Professor Sean Gavin

Correlation measurements and related fluctuation studies can reveal space-time information about particle production and dynamics not measured by single particle observables. Professor Gavin is working to develop theoretical tools for the analysis of correlations in a hydrodynamic context. Applications of this framework to transverse momentum fluctuation data provide an estimate of the shear viscosity. Extensions of the method proposed here can refine this estimate, while application to other observables can furnish
new information on thermal conductivity and other transport coefficients.

Experimental results in proton-proton and proton-nucleus collisions indicate unanticipated collective phenomena. Prof. Gavin is working on new theoretical tools and experimental methods are proposed to study the onset of collectivity in proton-proton and proton-nucleus collisions.

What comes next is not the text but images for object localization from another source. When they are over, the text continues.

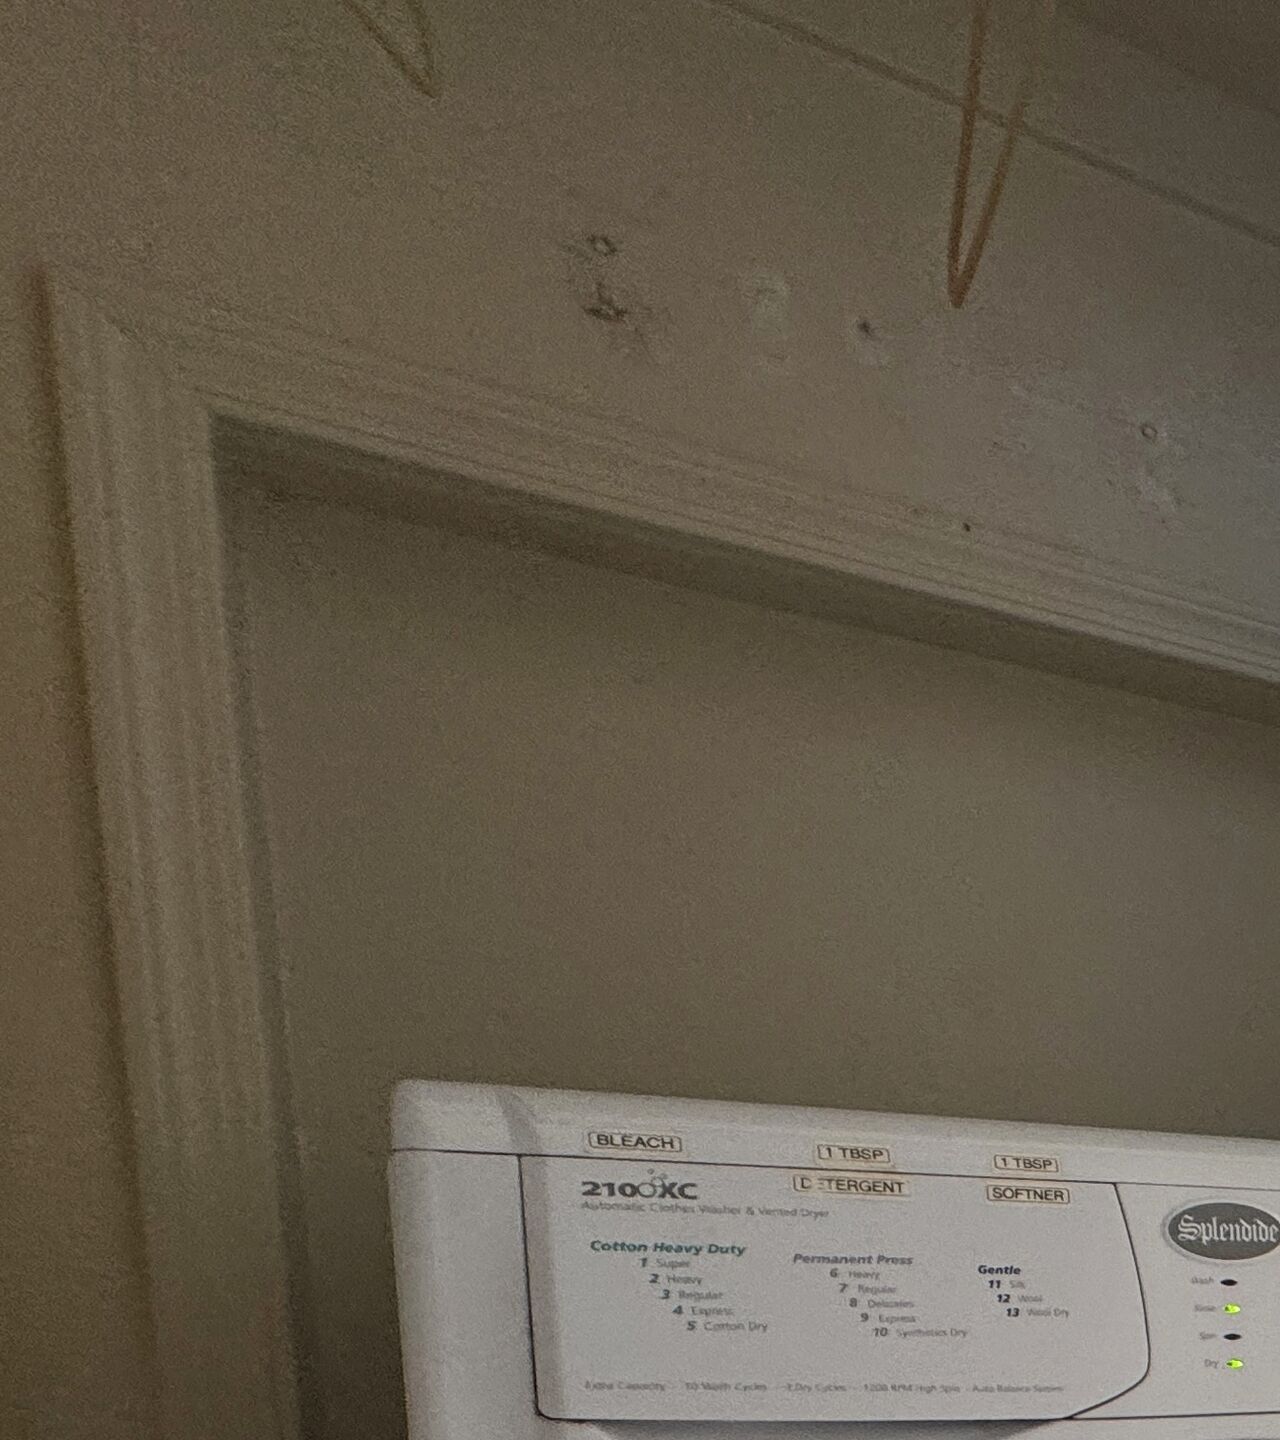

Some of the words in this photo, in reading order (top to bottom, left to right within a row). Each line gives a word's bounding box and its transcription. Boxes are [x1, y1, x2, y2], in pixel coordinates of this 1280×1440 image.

[596, 1134, 675, 1149] BLEACH
[826, 1147, 833, 1158] 1
[841, 1149, 884, 1160] TBSP
[1001, 1157, 1008, 1168] 1
[1013, 1158, 1053, 1169] TBSP
[580, 1180, 698, 1201] 2100XC
[991, 1187, 1065, 1201] SOFTNER
[1177, 1214, 1280, 1246] Splendide
[590, 1240, 648, 1253] Cotton
[653, 1242, 703, 1256] Heavy
[707, 1243, 748, 1257] Duty
[640, 1257, 648, 1268] 1
[793, 1253, 874, 1266] Permanent
[876, 1254, 914, 1266] Press
[829, 1268, 839, 1279] 6
[977, 1264, 1022, 1276] Gentle
[649, 1273, 660, 1284] 2
[988, 1279, 1002, 1289] 11
[838, 1283, 849, 1294] 7
[660, 1289, 671, 1300] 3
[996, 1293, 1011, 1304] 12
[672, 1305, 683, 1316] 4
[1006, 1307, 1020, 1318] 13
[860, 1312, 869, 1323] 9
[686, 1320, 697, 1331] 5
[873, 1327, 889, 1338] 10
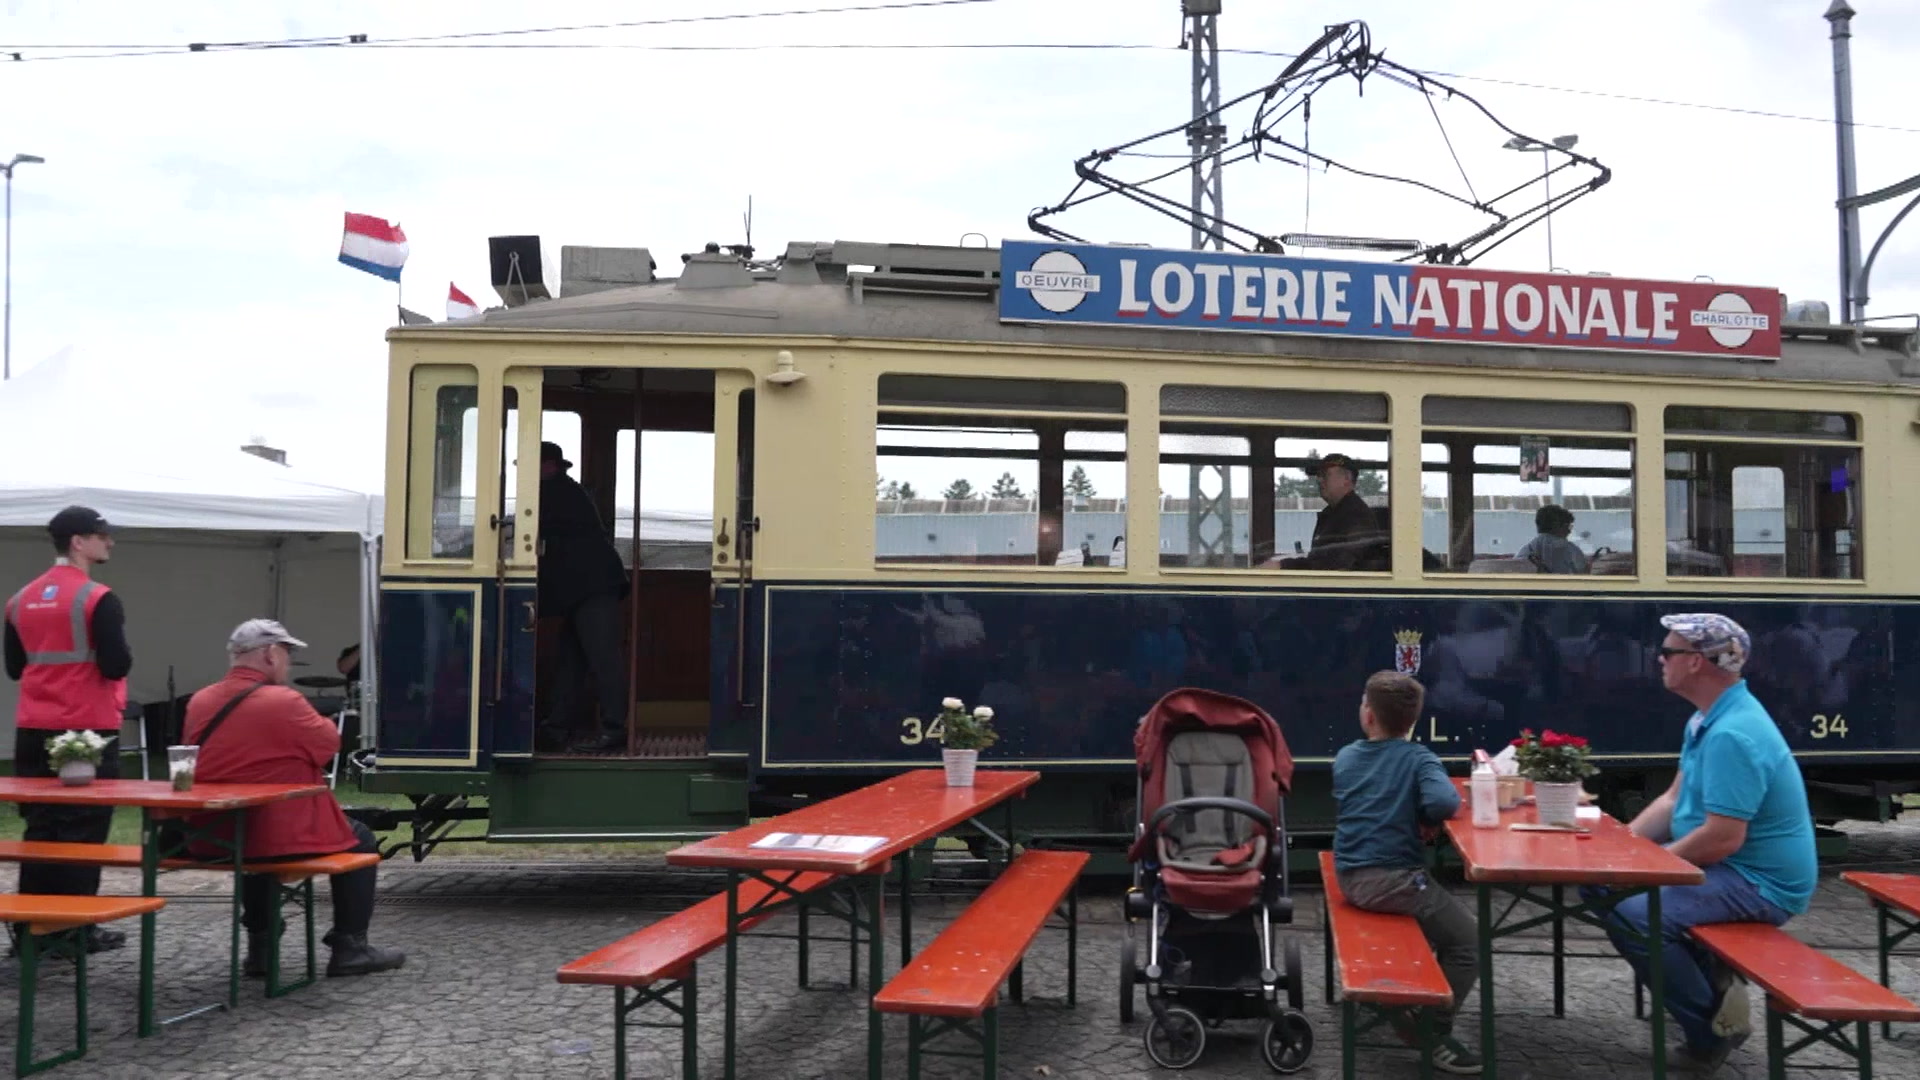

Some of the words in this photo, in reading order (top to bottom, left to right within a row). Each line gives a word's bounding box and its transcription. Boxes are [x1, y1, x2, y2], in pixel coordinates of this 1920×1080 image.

[1118, 259, 1352, 326] LOTERIE
[1372, 274, 1680, 343] NATIONALE
[1693, 312, 1767, 328] CHARLOTTE
[1810, 713, 1849, 739] 34
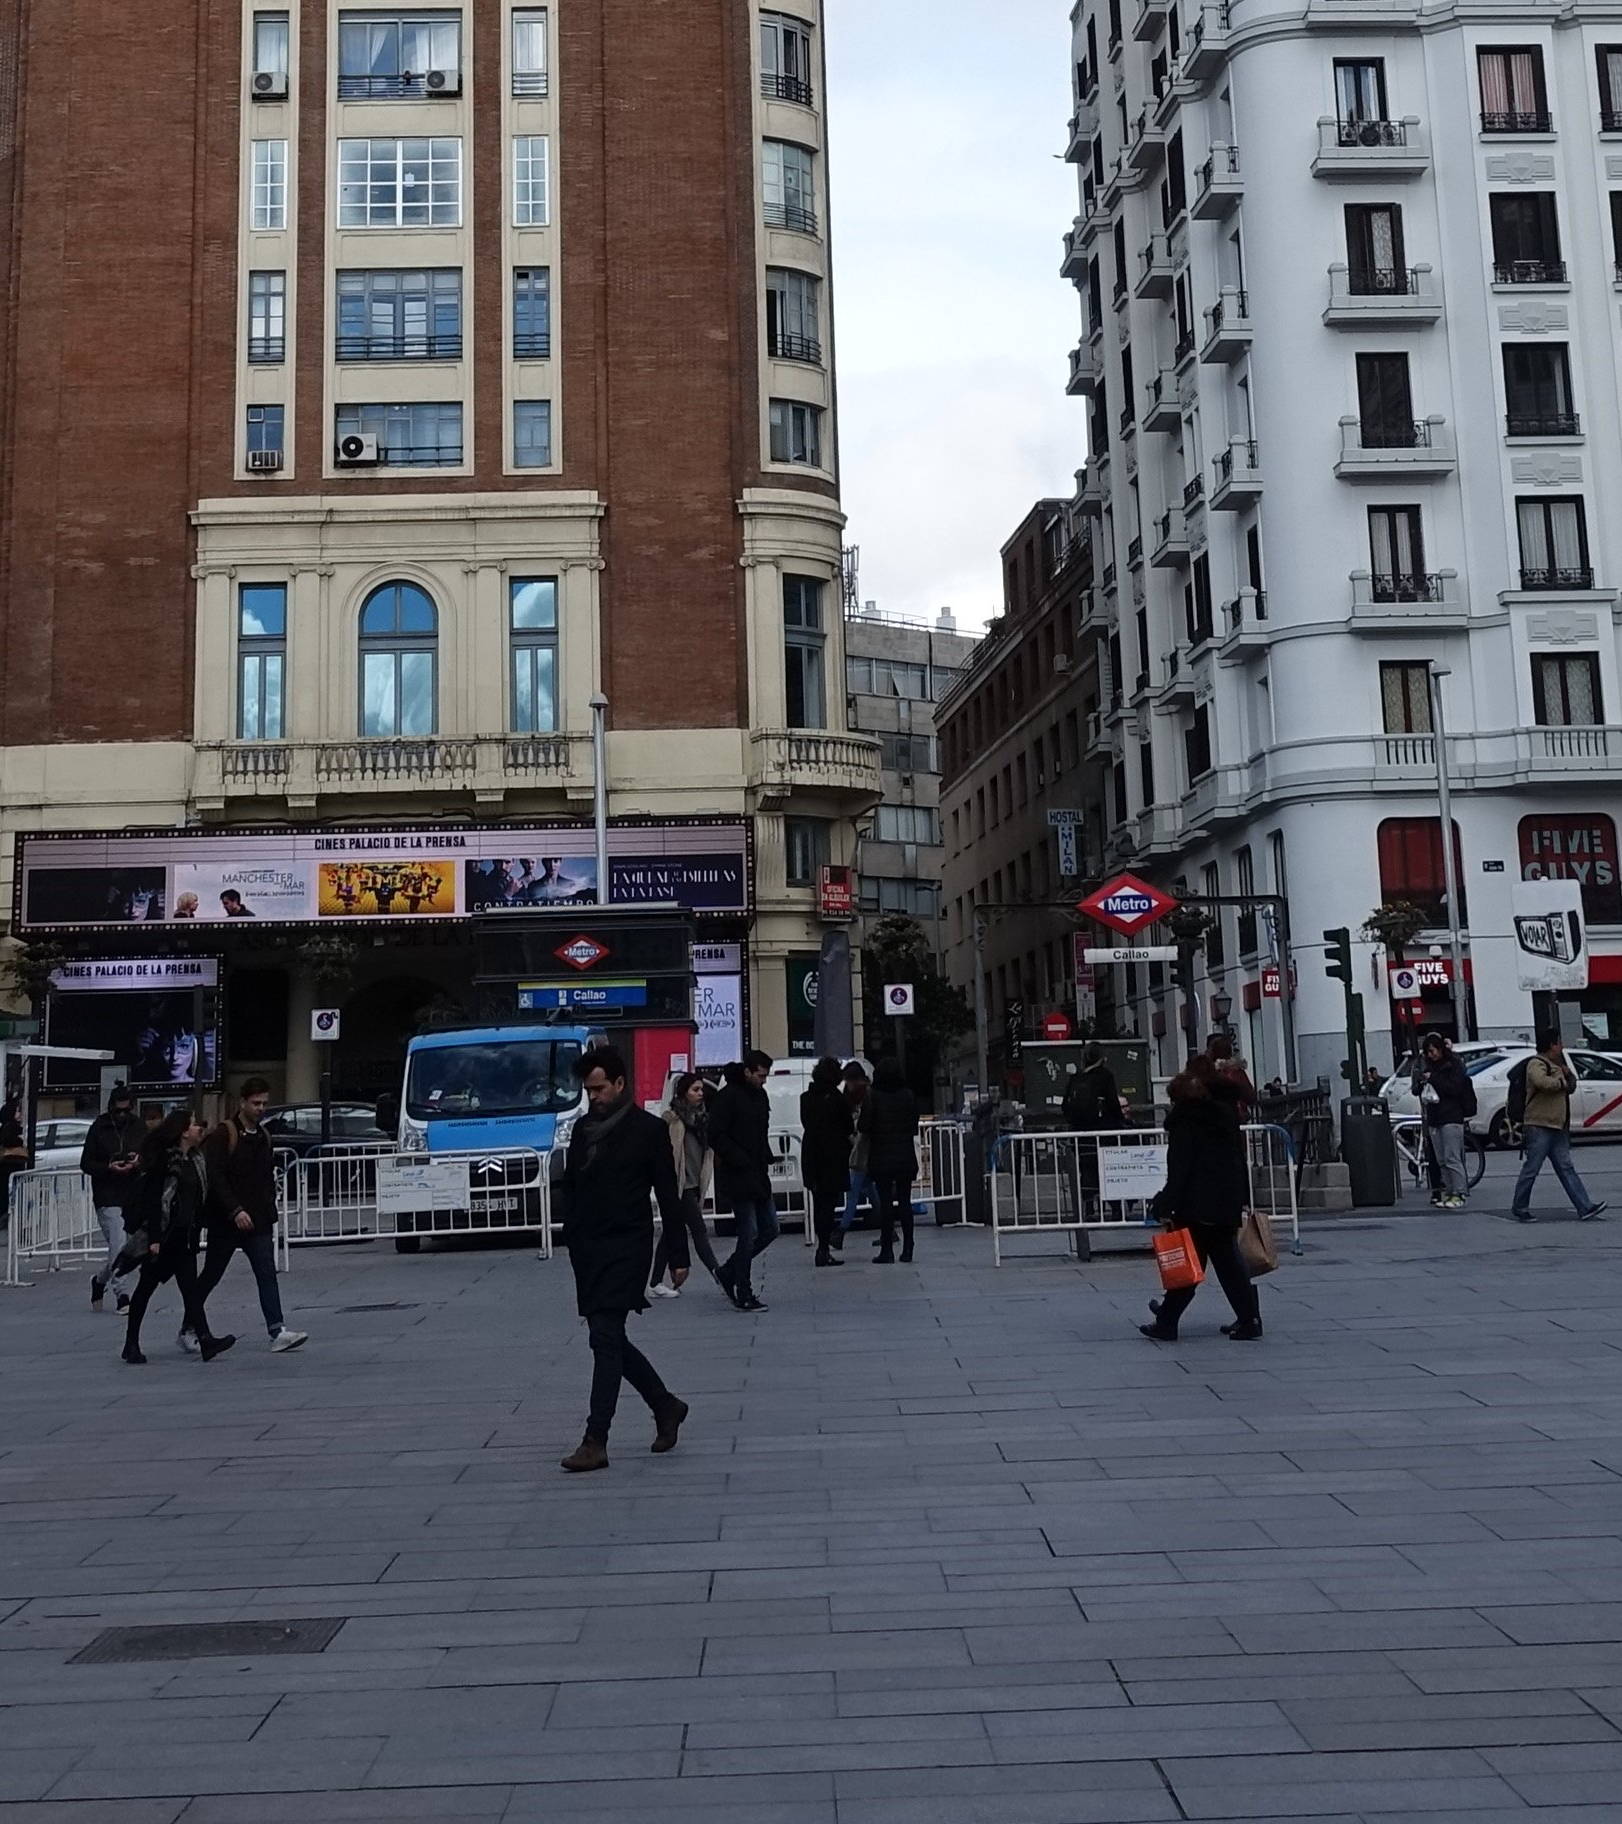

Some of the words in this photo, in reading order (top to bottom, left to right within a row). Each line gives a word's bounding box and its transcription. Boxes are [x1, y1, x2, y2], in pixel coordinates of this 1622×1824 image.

[1049, 810, 1082, 823] HOSTAL
[315, 838, 346, 851] CINES
[349, 837, 391, 850] PALACIO
[394, 836, 408, 849] DE
[410, 836, 423, 848] LA
[426, 835, 466, 848] PRENSA
[1532, 829, 1604, 855] FIVE
[1062, 831, 1075, 875] MILAN
[222, 873, 294, 884] MANCHESTER
[1107, 896, 1149, 912] Metro
[568, 947, 596, 956] Metro
[1113, 949, 1149, 961] Callao
[63, 966, 92, 978] CINES
[95, 965, 133, 977] PALACIO
[136, 964, 148, 976] DE
[151, 964, 163, 975] LA
[165, 963, 202, 975] PRENSA
[1414, 962, 1444, 974] FIVE
[573, 989, 607, 1001] Callao
[698, 1003, 735, 1017] MAR
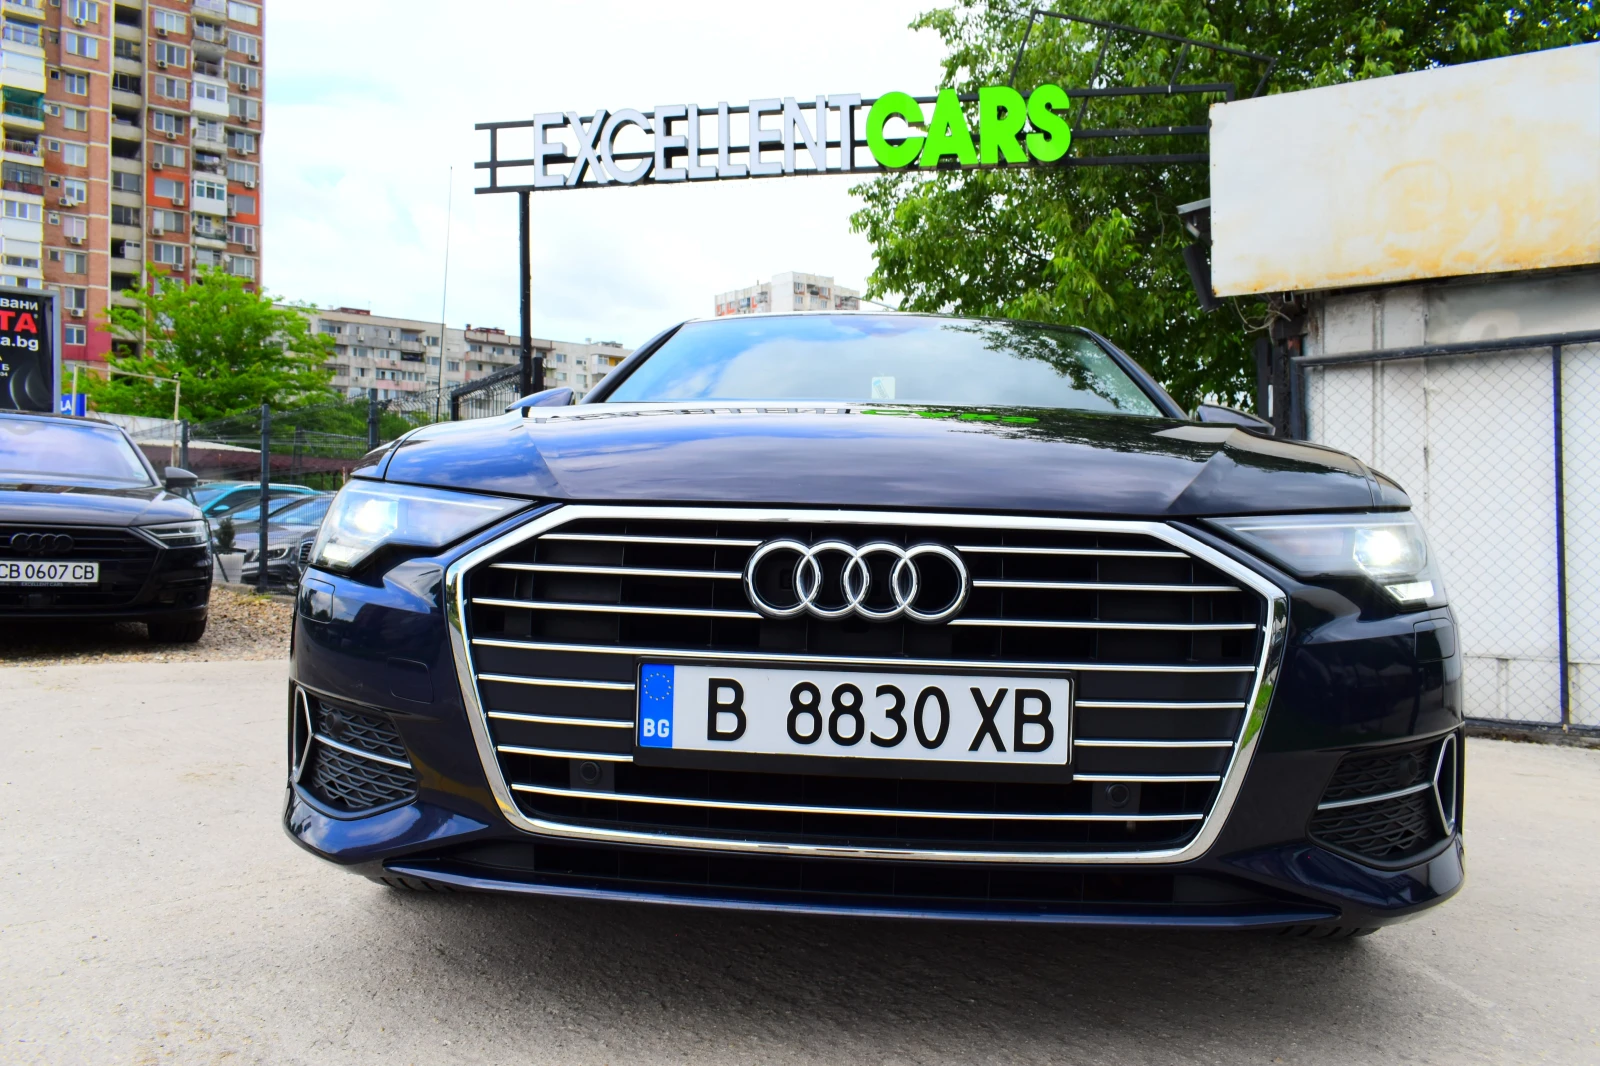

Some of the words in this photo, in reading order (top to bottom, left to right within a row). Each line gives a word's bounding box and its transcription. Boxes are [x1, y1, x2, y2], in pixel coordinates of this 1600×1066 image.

This work is often driven by experimental data analyzed at Wayne State.

Professor Abhijit Majumder

Majumder is an expert on the quenching of QCD jets in dense matter. Jets start out as a single parton (quark or gluon) with an energy order of magnitude higher than any other parton in the surrounding medium. These then decay into a collimated collection of quarks and gluons that then burrow through the dense medium, being modified in the process. The study of these modified jets reveals the internal structure of the Quark-Gluon Plasma at high resolution. Professor Majumder has contributed to both the theoretical framework for the study of jet quenching, as well as the setup of numerical simulations of jets propagating through the plasma. He has worked on the calculation of jet transport coefficients within Lattice QCD and contributed extensively to the phenomenology of heavy-ion collisions.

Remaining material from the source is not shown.